Pierre André Latreille – The Father of modern Entomology

Discovering Necrobia ruficollis while in prison saved Latreille's life

Discovering Necrobia ruficollis while in prison saved Latreille’s life

On November 29, 1762, French zoologist Pierre André Latreille was born. Latreille was considered the foremost entomologist of his time, and was described by one of his pupils as “the prince of entomologists”. Latreille made the first detailed classification of crustaceans and insects using a “natural method” of classification combining the approaches of Linnaeus and Fabricius.

Pierre André Latreille was born on November 29, 1762 in the town of Brive, then in the province of Limousin. He was orphaned at an early age, but had influential protectors – first a physician, then a merchant from Brive, and later a baron and his family, who brought him to Paris in 1778. Latreille studied at the Collège du Cardinal Lemoine to become a priest, initially in Brive, and later in Paris.

Already during his studies, Latreille had taken on an interest in natural history, visiting the Jardin du Roi planted by Georges-Louis Leclerc, Comte de Buffon, and catching insects around Paris. He received lessons on botany from René Just Haüy, which allowed him to meet Jean-Baptiste Lamarck. Unfortunately after the start of the French Revolution, the Civil Constitution of the Clergy was declared in 1790, which required priests to swear an oath of allegiance to the state. Latreille failed to do so and was therefore imprisoned in November 1793 under threat of execution.

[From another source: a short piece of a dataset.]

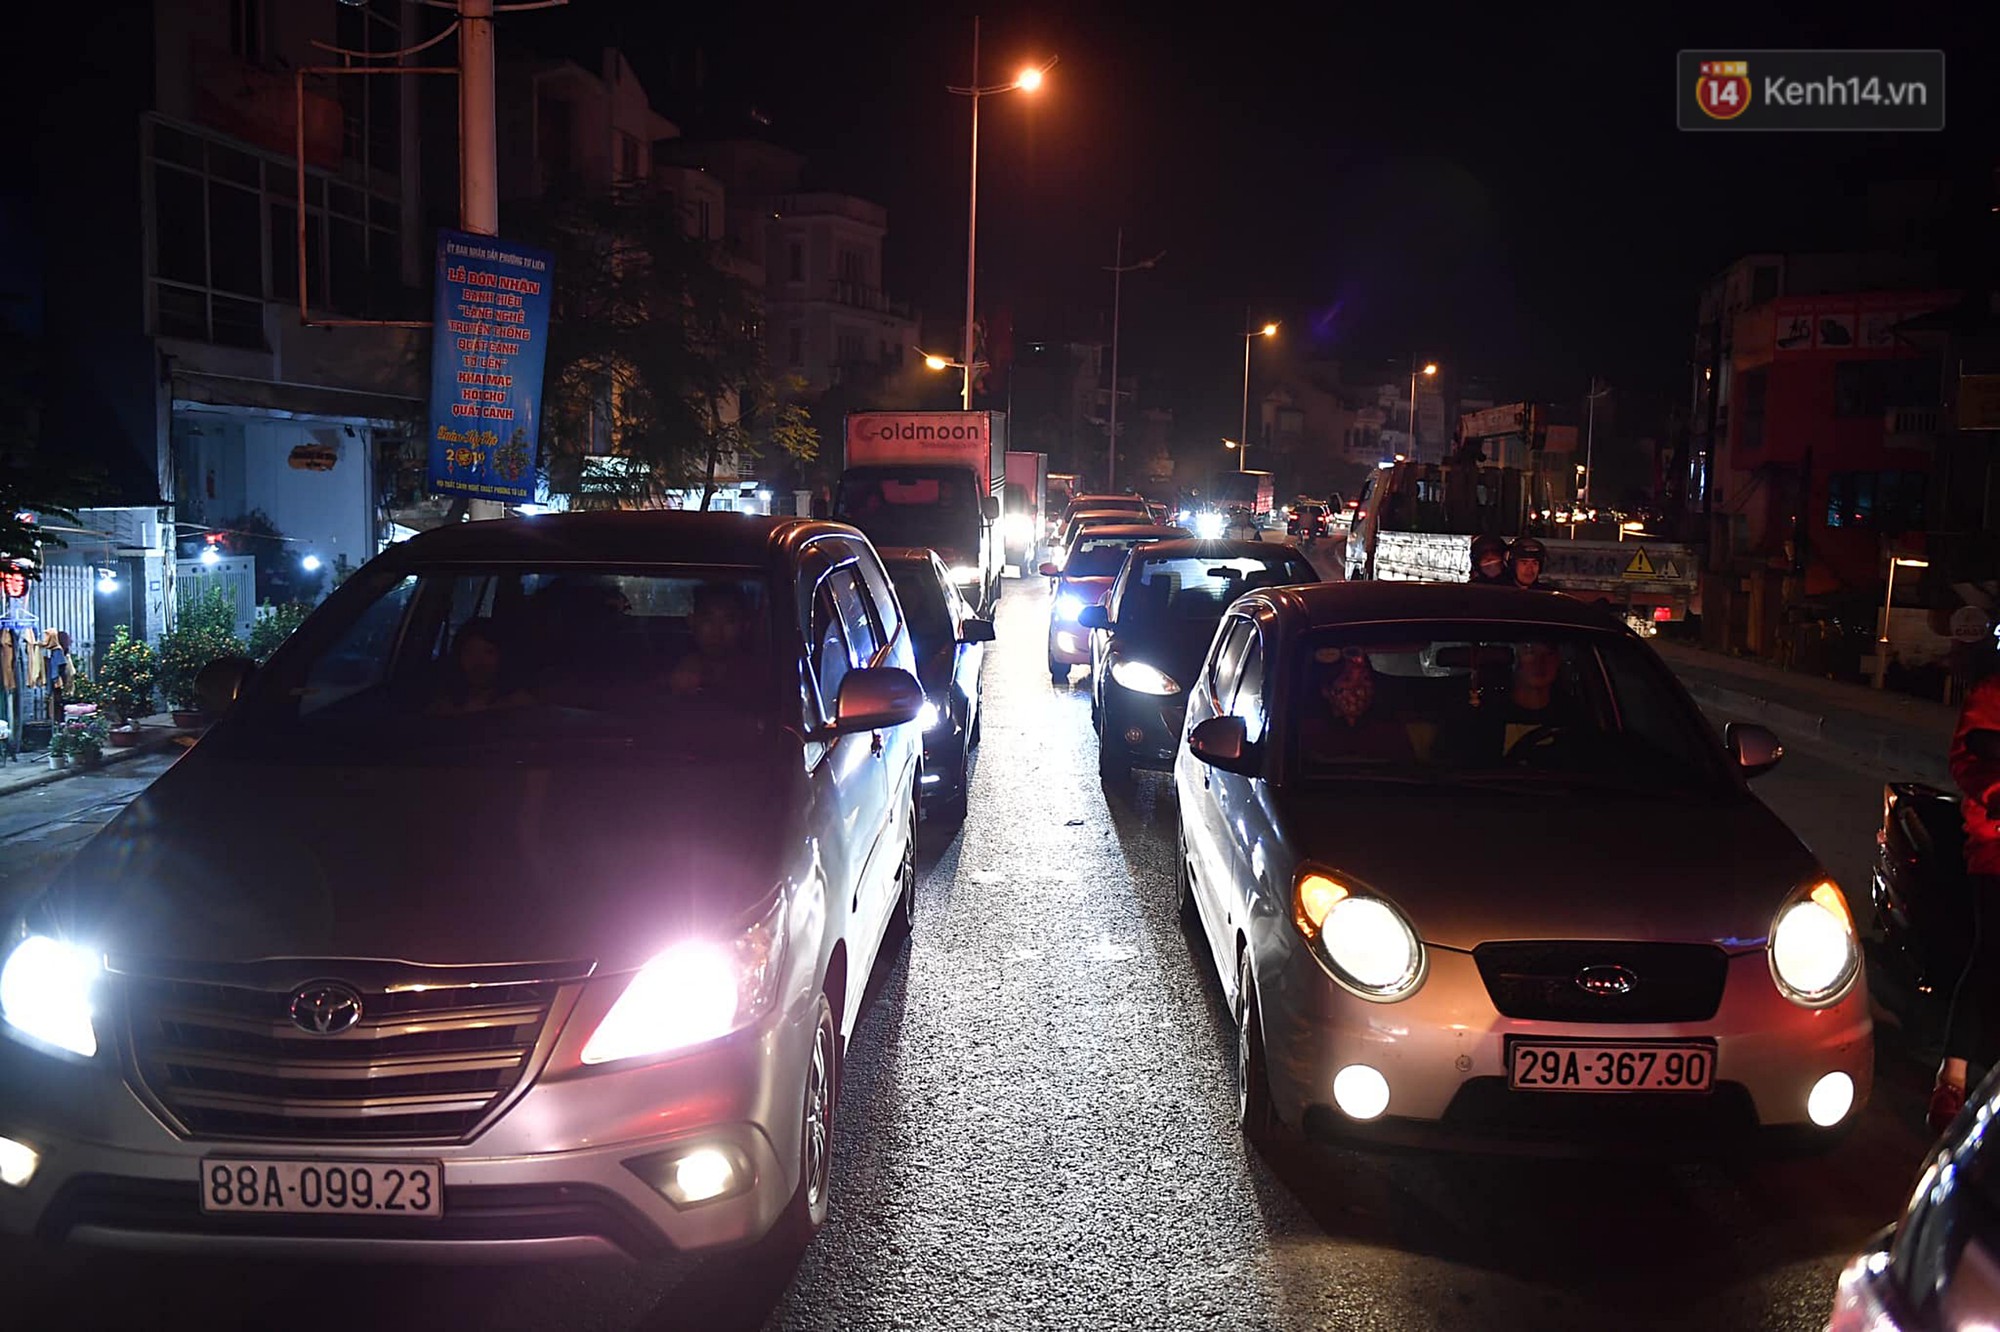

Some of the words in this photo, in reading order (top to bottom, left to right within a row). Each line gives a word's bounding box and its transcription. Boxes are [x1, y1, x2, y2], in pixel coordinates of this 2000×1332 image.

[457, 371, 485, 384] KHAI
[1518, 1050, 1705, 1087] 29A-367.90
[210, 1165, 431, 1211] 88A-099.23
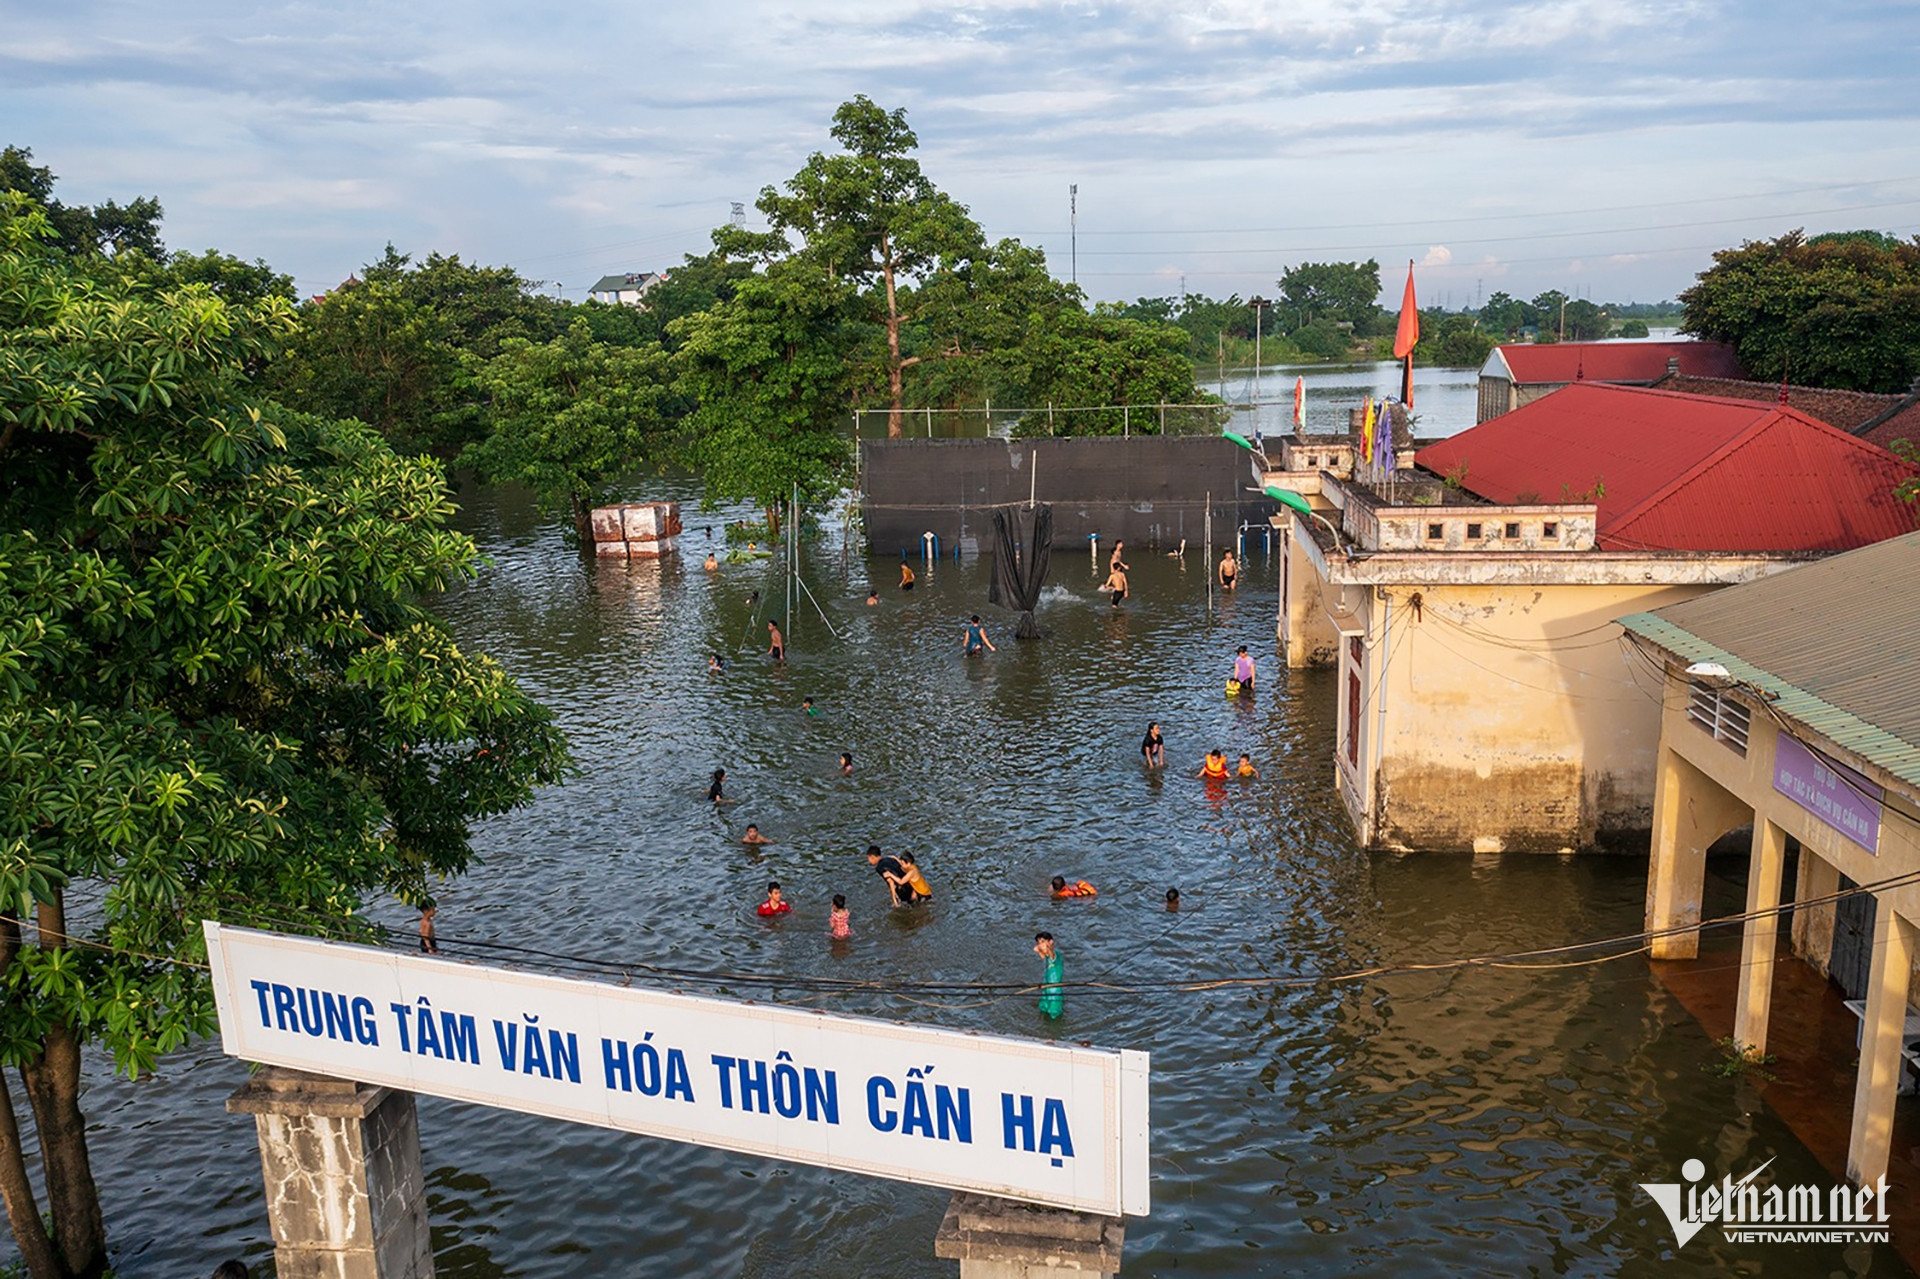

Fortunately however with the help of the prison’s doctor, Latreille among with a cellmate was released and started a life as a teacher. Also, he began to correspond with several enomologists including Johan Christian Fabricius. Back in prison, Latreille found a beetle on the dungeon floor. Latreille explained to the doctor that this was a rare insect and as he was so impressed, the physician sent the beetle to a naturalist who knew Latreille’s work and managed to have him released from prison. Fabricius decribed the beetle in 1775.

Fabricius became one of Latreille’s supporter and with his encouragement, the scientist was able to publish his Précis des caractères génériques des insectes. In 1798, Latreille was appointed to the museum, where he worked alongside Lamarck, curating the arthropod collections, and published a number of zoological works.

Latreille succeeded Guillaume-Antoine Olivier in 1814 as titular member of the Académie des sciences de l’Institut de France and in the following years, Latreille managed to produce several important papers for the Mémoires du Muséum, all of the volume on arthropods for George Cuvier’s Le Règne Animal, and hundreds of entries in the Nouveau Dictionnaire d’Histoire Naturelle on entomological subjects. He also took on an increasing proportion of Lamarck’s teaching as the latter’s health began to decline. Latreille was made a knight of the Légion d’honneur in 1821 and succeeded Lamarck as professor of entomology in the same decade.

Unfortunately, Latreille’s health also declined and he gave much of his responsibilities to his assistants. After the death of his wife, Latreille returned to Paris. He died of bladder disease in 1833. The Société entomologique erected a monument in Latreille’s honor over his grave.